▸ **Problem details**:
In your copy, reproduce the entries exactly as they are, minus the images.

- - - - - - -

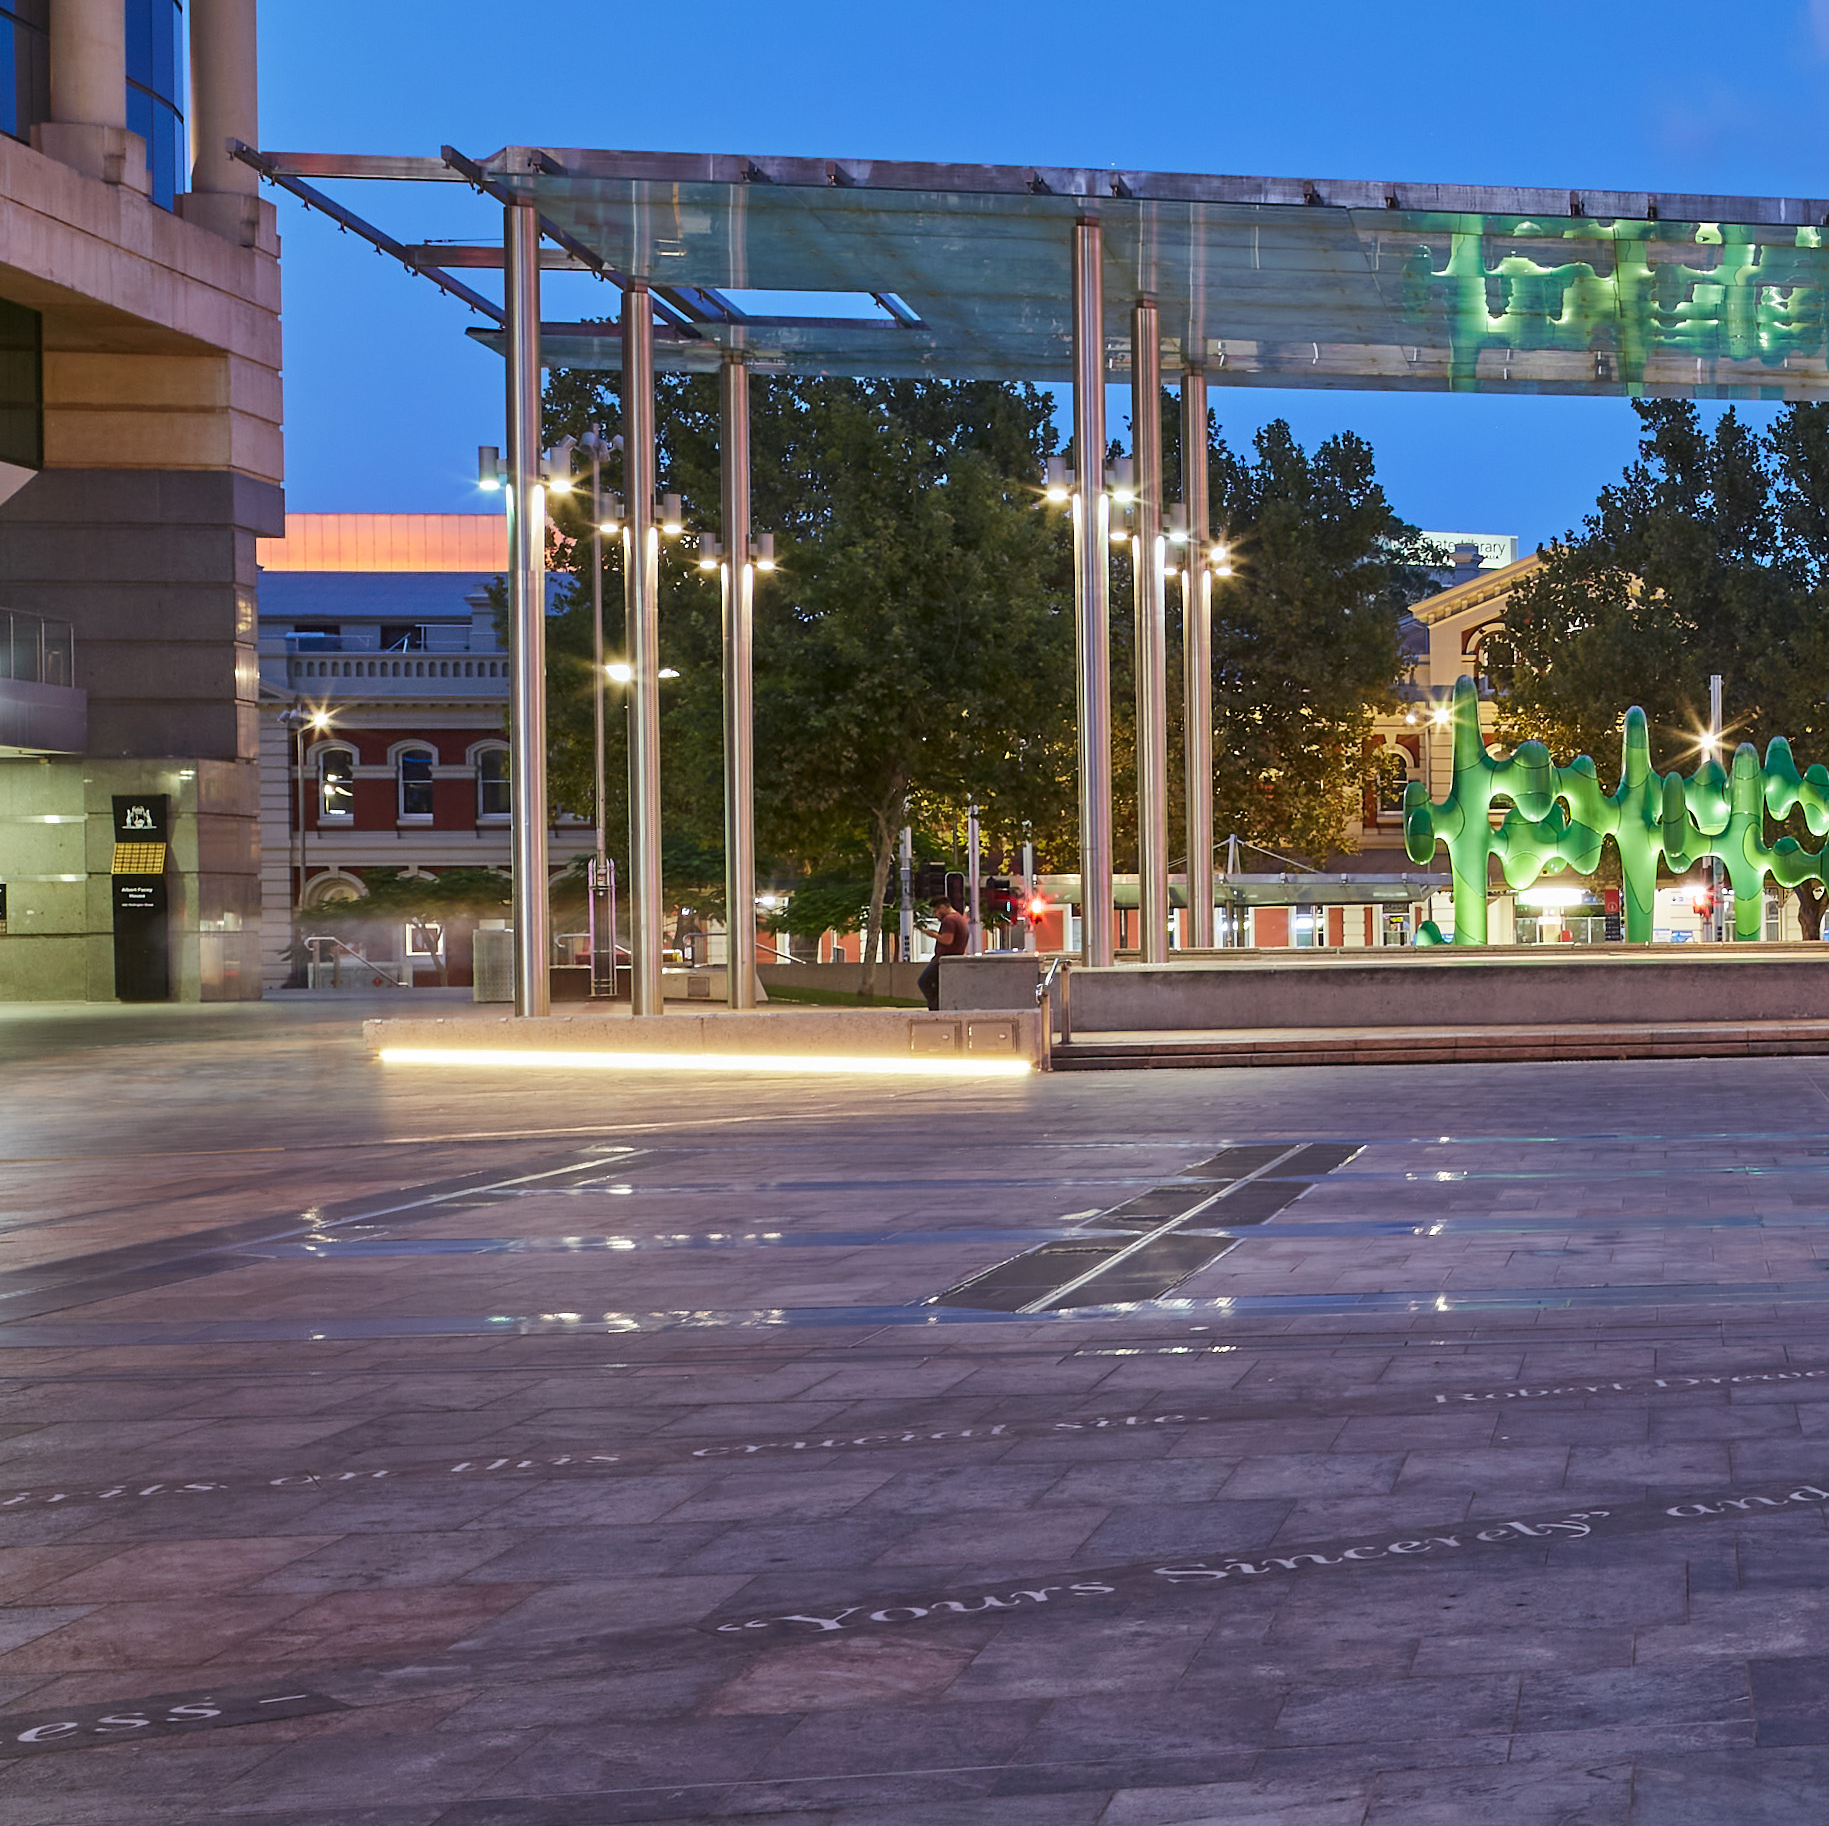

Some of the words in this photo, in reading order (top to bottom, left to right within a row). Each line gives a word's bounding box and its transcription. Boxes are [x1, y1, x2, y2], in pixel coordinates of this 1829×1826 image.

[1435, 1380, 1632, 1404] Robert
[450, 1454, 621, 1473] this
[691, 1423, 1016, 1458] crucial
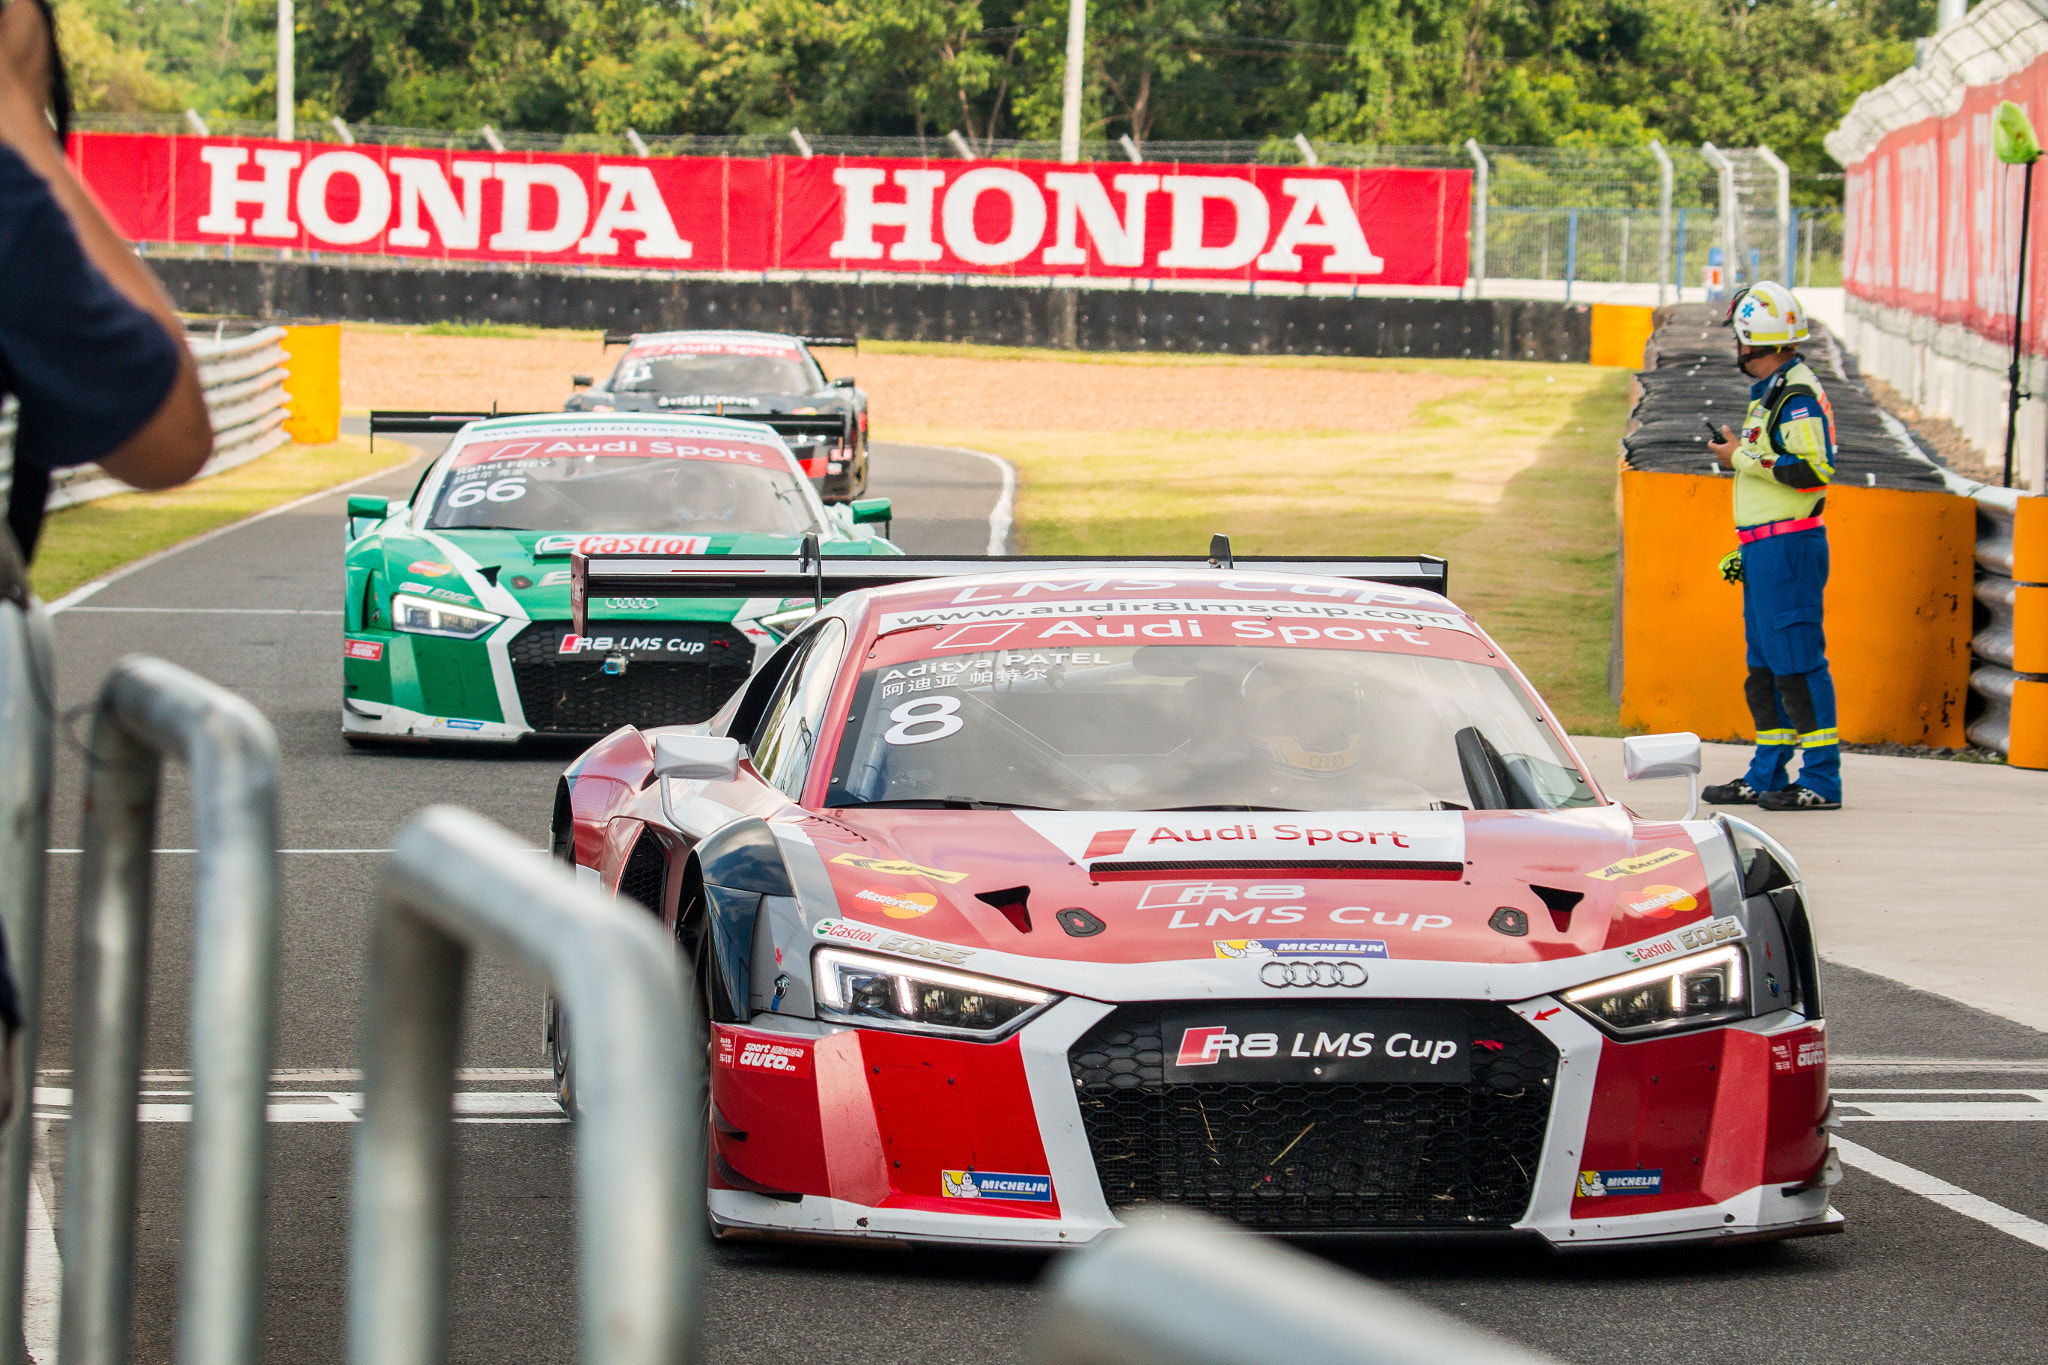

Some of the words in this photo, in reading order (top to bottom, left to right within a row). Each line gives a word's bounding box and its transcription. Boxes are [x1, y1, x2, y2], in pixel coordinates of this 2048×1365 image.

- - - - - - -

▸ **Written answer**:
Some of the words in this photo, in reading order (top to bottom, left to right within a row). Each line gives a word's bounding box and its transcription. Boxes are [x1, y1, x2, y2], in pixel coordinates of this 1829×1826 image.

[1435, 1380, 1632, 1404] Robert
[450, 1454, 621, 1473] this
[691, 1423, 1016, 1458] crucial

Some of the words in this photo, in reading order (top to bottom, left to right within a row). Each line gives a word's bounding box and its transcription. Boxes are [x1, y1, x2, y2], in pixel coordinates of this 2048×1365 image.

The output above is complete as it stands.